Здесь живут землекопы-дорожники.
За чаем — вприкуску, вприлизку, вприглядку — намозолившие уши разговоры, сетования; от них давным-давно болит душа.
— Протасов все-таки хоть и хороший, а барин. Протасов поманил нас — да замолк. Что нам делать?
— Это зовется выжидательная политика, — грызет черствую лепешку молодыми, но сгнившими в тайге зубами Гриша Голован. — Это зовется — накопление сил. Что ж, его политику я вполне одобряю. Пока нет рабочей организации, пока нет запасного капитала, забастовку подымать глупо. Вы хозяину — требования, а он вам — фигу. Вы не вышли на работу, а ему — плевать. Вы полезли на него с кулаками, а он на вас с пушкой, с винтовками, с плетьми…
— Стой, стой, Голован! Заврался, — враз вскрикивают горячие мужики и парни. — Ежели мы на работу не выйдем, он через неделю лопнет, сукин сын… Да ежели дружно взяться, да ежели сознательно. Он мильен тыщ неустойки должен заплатить казне. Да казна его сразу в острог запрет!
— Ха, казна! — И Гриша Голован швыряет на пол свою засаленную студенческую, с синим околышем фуражку. — А кто, я вас спрошу, казна? Жулик на жулике, вот кто. Нет, ребята, вы не того, не этово…
Некоторое время длится пыхтящее молчание. Гриша Голован покашливает в горсть, засовывает руки в рукава холщовой рубахи, нарочно медлит, как бы прощупывая настроение рабочих, наконец зябко ежится и говорит:
— Вы, ребята, живете в условиях жестокого произвола и насилия. Начать с договоров. Я уж не стану толковать о рабочих часах, о ничтожном заработке. Договоры самые кабальные.
— Правильно, правильно! — напирают на Гришу со всех сторон. — Мы сюда забрались, как мыши в ловушку. Прямо влипли.

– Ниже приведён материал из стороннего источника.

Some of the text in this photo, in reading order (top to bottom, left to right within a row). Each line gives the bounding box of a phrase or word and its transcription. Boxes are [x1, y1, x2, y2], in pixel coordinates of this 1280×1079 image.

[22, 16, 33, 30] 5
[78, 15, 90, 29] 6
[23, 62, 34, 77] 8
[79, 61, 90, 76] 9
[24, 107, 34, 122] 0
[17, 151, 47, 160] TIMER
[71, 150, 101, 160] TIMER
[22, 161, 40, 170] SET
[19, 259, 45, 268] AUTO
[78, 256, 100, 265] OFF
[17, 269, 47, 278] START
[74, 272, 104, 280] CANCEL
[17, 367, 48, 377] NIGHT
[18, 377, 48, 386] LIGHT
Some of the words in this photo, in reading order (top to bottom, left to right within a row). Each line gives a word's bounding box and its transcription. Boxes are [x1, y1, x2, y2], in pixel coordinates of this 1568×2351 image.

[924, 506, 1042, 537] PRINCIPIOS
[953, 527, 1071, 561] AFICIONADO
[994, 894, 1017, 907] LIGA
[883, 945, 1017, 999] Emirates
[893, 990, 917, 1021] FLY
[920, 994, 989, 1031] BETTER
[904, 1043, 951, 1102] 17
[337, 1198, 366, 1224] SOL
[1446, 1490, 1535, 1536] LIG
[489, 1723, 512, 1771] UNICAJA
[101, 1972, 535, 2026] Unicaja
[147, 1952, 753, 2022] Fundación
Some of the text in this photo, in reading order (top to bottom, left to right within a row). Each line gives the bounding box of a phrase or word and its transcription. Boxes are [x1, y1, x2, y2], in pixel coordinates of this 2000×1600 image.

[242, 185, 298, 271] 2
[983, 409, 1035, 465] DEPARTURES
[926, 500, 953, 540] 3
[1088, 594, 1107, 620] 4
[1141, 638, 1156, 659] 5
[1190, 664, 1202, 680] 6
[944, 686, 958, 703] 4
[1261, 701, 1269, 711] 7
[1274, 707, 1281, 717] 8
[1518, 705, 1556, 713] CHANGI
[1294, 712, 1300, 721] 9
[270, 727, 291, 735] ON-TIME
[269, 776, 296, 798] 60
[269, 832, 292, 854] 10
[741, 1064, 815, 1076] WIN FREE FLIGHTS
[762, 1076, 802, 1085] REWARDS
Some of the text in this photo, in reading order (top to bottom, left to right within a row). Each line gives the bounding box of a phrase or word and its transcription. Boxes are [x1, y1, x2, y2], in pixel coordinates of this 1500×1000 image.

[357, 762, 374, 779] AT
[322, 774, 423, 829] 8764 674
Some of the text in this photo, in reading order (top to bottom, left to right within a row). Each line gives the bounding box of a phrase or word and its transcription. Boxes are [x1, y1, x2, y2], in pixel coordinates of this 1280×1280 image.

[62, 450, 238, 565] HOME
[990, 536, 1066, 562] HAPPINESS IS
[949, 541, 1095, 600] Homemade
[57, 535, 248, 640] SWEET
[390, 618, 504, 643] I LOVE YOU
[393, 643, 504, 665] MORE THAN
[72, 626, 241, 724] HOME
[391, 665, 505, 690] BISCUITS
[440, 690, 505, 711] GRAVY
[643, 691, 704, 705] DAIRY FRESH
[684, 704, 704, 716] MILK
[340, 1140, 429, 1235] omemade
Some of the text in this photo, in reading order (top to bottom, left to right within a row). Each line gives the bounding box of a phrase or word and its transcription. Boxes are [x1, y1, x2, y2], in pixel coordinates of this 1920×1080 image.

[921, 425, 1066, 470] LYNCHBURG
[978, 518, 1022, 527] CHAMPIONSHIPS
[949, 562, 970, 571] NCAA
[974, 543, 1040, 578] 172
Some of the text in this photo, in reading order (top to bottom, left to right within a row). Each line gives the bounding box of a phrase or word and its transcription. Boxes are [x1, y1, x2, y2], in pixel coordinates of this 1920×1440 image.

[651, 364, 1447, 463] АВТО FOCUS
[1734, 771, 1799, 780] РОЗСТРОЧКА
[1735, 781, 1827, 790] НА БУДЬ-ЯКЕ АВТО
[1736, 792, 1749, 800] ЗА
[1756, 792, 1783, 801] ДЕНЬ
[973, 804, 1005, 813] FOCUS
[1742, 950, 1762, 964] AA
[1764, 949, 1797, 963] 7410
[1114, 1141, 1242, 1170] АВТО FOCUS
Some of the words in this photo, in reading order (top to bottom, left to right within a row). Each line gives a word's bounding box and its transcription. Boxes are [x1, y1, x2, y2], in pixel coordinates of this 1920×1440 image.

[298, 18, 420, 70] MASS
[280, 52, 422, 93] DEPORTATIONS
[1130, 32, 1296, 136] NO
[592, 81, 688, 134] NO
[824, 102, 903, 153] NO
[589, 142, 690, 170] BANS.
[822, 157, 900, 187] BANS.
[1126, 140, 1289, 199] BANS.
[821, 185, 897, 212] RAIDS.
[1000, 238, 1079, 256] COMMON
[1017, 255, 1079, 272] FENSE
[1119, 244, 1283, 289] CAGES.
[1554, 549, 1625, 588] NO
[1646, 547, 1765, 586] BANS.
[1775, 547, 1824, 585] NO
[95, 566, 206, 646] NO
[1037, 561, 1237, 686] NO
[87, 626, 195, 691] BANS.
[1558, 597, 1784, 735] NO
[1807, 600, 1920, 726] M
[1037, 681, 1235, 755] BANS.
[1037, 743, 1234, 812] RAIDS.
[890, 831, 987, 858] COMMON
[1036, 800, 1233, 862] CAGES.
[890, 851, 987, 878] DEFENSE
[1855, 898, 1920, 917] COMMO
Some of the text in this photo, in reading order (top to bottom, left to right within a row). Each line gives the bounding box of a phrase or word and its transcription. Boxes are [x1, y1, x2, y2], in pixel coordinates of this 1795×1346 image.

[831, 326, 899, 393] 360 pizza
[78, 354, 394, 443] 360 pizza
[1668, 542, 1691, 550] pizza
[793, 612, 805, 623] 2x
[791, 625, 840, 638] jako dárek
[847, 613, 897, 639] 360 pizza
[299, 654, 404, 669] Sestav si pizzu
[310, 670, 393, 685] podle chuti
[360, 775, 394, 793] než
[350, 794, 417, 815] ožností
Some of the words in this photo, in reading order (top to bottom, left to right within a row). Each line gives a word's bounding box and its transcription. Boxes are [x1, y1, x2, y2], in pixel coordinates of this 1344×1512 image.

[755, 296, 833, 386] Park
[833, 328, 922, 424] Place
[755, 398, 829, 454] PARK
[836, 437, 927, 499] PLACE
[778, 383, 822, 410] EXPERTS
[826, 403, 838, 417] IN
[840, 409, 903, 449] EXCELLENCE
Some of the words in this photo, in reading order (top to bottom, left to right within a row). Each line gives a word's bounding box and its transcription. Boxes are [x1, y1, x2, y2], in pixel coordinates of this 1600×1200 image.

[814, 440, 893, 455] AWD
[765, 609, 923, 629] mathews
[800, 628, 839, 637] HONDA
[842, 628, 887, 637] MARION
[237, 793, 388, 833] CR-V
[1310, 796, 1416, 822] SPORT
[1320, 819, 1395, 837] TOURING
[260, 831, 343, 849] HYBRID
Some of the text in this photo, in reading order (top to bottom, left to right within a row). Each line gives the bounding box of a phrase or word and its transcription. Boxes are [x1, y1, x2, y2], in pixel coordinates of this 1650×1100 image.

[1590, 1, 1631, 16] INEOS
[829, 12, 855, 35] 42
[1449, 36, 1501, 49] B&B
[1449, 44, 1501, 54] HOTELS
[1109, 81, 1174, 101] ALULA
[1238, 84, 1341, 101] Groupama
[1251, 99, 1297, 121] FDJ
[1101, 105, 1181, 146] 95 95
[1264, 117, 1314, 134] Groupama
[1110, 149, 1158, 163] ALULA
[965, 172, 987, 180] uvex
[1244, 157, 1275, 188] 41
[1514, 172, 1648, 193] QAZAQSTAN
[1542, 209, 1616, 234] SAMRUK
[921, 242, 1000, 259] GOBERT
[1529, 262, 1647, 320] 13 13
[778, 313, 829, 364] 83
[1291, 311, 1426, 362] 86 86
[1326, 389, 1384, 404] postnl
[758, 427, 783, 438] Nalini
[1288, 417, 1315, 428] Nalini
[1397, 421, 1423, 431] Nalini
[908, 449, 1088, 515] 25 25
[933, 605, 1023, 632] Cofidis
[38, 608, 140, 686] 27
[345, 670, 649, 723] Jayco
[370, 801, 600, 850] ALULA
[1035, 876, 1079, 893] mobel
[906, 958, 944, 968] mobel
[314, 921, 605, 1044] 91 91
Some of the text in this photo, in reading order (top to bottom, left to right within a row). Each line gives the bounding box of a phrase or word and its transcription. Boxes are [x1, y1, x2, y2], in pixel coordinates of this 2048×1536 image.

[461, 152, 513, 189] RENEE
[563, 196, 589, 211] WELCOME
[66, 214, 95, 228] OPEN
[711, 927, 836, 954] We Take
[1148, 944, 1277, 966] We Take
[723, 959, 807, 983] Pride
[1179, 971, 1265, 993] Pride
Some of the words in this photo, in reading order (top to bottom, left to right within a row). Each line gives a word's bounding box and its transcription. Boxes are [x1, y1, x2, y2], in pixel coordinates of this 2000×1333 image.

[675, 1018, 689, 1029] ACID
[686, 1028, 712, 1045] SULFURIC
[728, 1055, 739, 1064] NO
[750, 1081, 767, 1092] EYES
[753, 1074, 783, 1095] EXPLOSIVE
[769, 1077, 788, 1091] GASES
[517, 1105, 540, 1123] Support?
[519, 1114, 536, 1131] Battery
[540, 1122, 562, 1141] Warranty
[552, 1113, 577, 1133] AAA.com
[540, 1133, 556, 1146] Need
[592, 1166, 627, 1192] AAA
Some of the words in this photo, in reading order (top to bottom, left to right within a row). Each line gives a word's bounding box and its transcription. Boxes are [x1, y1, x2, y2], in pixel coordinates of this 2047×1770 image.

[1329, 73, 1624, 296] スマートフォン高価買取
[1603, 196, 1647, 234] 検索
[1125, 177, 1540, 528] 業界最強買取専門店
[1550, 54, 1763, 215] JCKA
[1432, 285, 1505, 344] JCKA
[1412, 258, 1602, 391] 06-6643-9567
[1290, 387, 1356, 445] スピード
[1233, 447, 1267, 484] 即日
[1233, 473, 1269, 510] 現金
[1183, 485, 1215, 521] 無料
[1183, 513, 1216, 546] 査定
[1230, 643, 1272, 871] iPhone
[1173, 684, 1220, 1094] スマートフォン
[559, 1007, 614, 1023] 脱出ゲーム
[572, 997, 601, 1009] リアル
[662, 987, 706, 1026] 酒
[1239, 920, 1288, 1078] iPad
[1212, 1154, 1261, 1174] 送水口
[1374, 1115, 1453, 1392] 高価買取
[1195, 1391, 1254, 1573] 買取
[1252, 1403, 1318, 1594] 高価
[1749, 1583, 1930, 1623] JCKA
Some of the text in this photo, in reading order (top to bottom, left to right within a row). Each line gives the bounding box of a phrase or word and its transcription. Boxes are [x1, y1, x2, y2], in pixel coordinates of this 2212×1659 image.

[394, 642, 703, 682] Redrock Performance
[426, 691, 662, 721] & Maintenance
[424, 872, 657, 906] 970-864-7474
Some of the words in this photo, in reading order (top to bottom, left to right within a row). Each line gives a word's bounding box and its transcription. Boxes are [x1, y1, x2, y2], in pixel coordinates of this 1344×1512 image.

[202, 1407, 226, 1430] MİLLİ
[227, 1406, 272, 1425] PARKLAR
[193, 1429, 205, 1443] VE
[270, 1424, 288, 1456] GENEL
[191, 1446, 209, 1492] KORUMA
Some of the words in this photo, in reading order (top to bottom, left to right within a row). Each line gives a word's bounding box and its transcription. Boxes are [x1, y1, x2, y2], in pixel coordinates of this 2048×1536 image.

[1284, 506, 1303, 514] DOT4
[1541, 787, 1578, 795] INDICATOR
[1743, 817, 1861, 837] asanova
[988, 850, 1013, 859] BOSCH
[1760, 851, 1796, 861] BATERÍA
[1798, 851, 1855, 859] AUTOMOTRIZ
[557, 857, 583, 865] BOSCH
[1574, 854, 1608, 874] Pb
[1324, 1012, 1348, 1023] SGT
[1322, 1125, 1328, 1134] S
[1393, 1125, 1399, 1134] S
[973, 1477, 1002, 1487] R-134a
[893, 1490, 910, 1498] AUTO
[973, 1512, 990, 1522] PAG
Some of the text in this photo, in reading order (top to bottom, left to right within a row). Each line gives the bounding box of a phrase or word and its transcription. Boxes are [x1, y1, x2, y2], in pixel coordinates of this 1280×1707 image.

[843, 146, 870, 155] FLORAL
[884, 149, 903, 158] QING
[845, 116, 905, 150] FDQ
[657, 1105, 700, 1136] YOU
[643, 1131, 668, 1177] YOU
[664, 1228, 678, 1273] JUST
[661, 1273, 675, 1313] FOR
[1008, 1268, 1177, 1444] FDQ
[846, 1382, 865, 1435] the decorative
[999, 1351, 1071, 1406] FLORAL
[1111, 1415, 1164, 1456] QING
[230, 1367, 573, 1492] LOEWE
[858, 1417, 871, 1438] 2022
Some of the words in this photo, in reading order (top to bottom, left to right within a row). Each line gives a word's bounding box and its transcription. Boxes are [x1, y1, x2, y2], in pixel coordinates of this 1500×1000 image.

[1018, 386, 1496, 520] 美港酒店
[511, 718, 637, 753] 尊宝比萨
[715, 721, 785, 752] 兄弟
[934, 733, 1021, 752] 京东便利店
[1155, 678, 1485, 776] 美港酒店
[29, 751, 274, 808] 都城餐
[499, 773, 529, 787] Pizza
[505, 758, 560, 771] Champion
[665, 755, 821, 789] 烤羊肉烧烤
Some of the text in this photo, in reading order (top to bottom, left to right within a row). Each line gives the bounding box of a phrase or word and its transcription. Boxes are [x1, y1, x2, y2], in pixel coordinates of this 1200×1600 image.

— А главная кабала, ребята, вот в чем, — старается заглушить их голоса агитатор-«разговорщик».
— Администрация обязывается на свой счет до места жительства доставлять только тех рабочих, у которых срок найма кончился. А ежели рабочего увольняют за проступки, он должен выбираться домой своими силами. А поди-ка… Другой за три, за пять тысяч верст отсель. Поэтому у всех вас боязнь остаться без работы, без хлеба в глухой тайге. И это действительно страшно. Это — главная кабала, я вам говорю. Это заставляет вас со всем мириться, всему подчиняться, все терпеть… Фу ты, будь он проклят! Но, погодите, ребята! — И Гриша с азартом потрясает кулаками, глаза горят, выкатываются из орбит. — Настанет время, ребята, когда мы… Впрочем… Ну ладно, дальше… — Он на мгновенье взмыл, как подброшенный мальчишкой голубь, но, словно завидя парящего орла, быстро сел на землю.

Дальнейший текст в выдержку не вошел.